Work request:
Transcribe, without alteration, only the lines from the one containing "this 960×1280 image." through the last line of the material, both ends included.

Data records:
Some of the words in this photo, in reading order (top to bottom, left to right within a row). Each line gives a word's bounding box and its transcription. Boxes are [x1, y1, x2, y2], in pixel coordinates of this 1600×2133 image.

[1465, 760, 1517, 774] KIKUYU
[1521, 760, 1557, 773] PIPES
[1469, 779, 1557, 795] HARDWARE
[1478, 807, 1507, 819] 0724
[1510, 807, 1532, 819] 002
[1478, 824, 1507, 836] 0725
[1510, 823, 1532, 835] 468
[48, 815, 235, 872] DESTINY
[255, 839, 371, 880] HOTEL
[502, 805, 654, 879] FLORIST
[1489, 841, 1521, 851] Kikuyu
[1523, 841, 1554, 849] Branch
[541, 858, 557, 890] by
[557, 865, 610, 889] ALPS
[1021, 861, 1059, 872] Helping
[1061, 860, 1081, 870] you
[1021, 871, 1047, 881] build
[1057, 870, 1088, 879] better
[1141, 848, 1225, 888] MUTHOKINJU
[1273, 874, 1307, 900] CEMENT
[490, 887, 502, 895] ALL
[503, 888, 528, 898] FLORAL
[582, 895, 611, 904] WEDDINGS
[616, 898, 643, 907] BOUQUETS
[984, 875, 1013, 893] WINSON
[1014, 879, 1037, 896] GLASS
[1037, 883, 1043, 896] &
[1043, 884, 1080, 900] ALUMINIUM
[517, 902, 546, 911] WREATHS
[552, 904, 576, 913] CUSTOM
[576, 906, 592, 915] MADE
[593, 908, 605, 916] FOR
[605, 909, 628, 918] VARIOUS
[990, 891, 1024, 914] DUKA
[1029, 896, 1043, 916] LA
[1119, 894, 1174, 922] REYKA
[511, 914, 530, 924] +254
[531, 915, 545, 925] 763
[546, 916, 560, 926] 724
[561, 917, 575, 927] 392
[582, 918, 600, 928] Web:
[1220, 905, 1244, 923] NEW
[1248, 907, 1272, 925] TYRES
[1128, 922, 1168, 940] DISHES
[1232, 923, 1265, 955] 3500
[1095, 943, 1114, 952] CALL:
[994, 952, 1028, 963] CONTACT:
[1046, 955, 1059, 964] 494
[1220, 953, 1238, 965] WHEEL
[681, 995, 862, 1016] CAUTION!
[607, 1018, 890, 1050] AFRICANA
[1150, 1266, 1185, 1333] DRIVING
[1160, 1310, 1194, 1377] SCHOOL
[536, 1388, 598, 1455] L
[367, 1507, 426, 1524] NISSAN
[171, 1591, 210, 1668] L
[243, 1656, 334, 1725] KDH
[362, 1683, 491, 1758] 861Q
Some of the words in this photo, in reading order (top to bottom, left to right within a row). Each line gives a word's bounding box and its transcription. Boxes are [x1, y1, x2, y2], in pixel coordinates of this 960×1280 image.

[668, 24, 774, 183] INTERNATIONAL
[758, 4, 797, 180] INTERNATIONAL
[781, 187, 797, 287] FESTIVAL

Output:
Some of the words in this photo, in reading order (top to bottom, left to right within a row). Each line gives a word's bounding box and its transcription. Boxes are [x1, y1, x2, y2], in pixel coordinates of this 960×1280 image.

[668, 24, 774, 183] INTERNATIONAL
[758, 4, 797, 180] INTERNATIONAL
[781, 187, 797, 287] FESTIVAL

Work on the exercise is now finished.